_Problem details_: What to return is the tail of the data, from the line that contains "this 1280×1280 image." down to the last line, copied exactly.

(Records from a data collection)

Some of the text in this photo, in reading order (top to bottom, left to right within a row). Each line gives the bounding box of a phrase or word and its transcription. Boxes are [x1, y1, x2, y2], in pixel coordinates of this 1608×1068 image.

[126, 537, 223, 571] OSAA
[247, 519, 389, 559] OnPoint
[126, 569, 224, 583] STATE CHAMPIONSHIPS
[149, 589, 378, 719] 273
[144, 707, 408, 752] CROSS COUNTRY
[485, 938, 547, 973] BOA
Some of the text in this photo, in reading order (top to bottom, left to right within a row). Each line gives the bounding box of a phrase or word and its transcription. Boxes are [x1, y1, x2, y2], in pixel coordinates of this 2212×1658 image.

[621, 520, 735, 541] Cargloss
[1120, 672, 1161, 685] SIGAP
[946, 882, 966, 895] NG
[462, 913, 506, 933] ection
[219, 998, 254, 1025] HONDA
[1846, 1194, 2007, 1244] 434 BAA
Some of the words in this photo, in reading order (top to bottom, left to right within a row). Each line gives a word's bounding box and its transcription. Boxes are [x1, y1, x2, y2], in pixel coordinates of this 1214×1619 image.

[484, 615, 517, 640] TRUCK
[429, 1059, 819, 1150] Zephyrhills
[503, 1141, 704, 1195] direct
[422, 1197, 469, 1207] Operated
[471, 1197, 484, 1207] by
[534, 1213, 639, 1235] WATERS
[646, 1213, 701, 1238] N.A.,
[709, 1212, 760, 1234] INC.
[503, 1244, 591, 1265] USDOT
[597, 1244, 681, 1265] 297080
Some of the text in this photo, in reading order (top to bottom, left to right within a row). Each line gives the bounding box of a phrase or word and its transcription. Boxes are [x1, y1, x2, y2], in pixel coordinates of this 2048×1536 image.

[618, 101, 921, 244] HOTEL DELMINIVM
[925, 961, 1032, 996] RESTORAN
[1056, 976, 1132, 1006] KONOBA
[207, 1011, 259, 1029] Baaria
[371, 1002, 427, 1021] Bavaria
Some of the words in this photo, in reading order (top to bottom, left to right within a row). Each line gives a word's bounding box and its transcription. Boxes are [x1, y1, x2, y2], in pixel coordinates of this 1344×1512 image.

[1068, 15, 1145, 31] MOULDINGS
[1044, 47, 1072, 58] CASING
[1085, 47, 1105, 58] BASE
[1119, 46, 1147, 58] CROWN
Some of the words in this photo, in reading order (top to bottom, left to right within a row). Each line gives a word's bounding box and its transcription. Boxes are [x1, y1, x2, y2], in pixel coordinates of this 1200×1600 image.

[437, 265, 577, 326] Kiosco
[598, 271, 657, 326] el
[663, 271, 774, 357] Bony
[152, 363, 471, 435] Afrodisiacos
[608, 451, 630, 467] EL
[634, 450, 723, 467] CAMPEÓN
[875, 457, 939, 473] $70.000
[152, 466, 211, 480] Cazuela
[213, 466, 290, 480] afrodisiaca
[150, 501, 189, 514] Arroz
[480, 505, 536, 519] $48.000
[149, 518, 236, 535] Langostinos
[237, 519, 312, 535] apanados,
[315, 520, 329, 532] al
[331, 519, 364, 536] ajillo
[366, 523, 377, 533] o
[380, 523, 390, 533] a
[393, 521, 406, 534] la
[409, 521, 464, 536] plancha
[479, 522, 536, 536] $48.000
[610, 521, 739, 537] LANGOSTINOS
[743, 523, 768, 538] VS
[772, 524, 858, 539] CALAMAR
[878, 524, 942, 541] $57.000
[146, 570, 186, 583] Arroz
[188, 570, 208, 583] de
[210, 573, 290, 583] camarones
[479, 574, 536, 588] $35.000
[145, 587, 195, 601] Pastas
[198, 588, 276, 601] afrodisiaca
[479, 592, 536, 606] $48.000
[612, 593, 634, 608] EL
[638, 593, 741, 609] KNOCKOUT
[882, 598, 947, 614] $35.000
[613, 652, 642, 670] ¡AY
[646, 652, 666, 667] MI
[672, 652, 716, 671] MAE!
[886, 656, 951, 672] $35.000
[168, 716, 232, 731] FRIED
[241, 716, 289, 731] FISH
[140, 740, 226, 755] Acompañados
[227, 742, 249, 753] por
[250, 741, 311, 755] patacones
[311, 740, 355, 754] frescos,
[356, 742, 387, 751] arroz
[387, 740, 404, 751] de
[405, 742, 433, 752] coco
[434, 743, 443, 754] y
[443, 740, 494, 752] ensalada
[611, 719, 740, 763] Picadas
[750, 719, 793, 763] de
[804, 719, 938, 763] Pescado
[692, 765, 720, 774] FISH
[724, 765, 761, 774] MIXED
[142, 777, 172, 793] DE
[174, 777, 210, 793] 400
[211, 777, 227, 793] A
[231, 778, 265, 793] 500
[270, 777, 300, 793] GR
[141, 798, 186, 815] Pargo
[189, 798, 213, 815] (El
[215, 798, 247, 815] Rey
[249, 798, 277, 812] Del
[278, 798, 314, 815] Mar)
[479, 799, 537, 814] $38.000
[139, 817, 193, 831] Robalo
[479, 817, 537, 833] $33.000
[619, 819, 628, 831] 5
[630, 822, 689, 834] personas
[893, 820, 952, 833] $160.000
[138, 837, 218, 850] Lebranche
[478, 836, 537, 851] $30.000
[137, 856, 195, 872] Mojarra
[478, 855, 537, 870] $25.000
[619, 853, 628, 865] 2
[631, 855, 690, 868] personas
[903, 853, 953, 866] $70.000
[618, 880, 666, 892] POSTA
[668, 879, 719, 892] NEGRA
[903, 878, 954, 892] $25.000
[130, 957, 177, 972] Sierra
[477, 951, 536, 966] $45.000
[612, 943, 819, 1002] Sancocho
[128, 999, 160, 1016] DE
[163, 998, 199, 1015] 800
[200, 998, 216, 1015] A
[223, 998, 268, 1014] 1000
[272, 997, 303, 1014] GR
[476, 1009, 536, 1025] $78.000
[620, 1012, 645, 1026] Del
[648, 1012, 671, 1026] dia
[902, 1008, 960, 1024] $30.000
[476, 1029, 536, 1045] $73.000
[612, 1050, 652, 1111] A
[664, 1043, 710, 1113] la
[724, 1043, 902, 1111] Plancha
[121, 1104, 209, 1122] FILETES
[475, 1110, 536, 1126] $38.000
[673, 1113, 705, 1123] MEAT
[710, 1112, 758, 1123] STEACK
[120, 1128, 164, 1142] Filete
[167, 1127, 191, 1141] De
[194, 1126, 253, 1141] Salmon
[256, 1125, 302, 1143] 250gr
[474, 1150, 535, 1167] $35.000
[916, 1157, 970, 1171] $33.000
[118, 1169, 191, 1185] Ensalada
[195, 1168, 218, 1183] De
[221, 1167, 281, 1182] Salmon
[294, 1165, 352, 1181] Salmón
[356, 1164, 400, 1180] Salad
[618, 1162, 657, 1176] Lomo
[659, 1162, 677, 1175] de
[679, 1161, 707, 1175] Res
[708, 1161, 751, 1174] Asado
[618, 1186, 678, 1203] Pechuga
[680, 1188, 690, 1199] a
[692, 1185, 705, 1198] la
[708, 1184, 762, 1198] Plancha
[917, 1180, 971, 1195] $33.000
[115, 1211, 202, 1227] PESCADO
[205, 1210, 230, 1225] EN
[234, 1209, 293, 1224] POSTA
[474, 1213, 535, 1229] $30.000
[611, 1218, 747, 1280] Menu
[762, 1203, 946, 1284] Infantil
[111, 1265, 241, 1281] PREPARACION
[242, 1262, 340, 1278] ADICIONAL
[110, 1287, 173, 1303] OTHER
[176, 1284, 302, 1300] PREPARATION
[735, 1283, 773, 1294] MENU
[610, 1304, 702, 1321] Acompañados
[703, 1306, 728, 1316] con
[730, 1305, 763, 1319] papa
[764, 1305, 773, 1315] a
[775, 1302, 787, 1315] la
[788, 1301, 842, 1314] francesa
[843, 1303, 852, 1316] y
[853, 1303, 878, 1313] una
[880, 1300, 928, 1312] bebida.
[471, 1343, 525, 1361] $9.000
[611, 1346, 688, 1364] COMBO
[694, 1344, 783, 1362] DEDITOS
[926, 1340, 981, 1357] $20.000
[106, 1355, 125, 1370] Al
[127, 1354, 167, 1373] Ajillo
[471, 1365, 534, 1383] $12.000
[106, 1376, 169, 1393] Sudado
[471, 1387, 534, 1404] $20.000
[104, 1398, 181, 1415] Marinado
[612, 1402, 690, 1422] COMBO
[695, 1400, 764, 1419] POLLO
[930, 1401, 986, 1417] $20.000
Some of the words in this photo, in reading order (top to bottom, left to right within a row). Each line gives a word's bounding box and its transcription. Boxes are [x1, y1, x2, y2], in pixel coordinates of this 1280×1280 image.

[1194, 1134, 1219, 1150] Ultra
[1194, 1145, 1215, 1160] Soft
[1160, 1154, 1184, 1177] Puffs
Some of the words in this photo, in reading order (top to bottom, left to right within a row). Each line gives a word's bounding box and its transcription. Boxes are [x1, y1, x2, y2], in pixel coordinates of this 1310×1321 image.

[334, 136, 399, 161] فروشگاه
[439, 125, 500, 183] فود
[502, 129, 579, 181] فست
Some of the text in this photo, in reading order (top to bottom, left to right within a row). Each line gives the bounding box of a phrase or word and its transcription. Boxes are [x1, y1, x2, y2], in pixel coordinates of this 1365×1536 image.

_Result of this exercise_:
Some of the words in this photo, in reading order (top to bottom, left to right within a row). Each line gives a word's bounding box and its transcription. Boxes are [x1, y1, x2, y2], in pixel coordinates of this 1280×1280 image.

[1194, 1134, 1219, 1150] Ultra
[1194, 1145, 1215, 1160] Soft
[1160, 1154, 1184, 1177] Puffs
Some of the words in this photo, in reading order (top to bottom, left to right within a row). Each line gives a word's bounding box and its transcription. Boxes are [x1, y1, x2, y2], in pixel coordinates of this 1310×1321 image.

[334, 136, 399, 161] فروشگاه
[439, 125, 500, 183] فود
[502, 129, 579, 181] فست
Some of the text in this photo, in reading order (top to bottom, left to right within a row). Each line gives the bounding box of a phrase or word and its transcription. Boxes are [x1, y1, x2, y2], in pixel coordinates of this 1365×1536 image.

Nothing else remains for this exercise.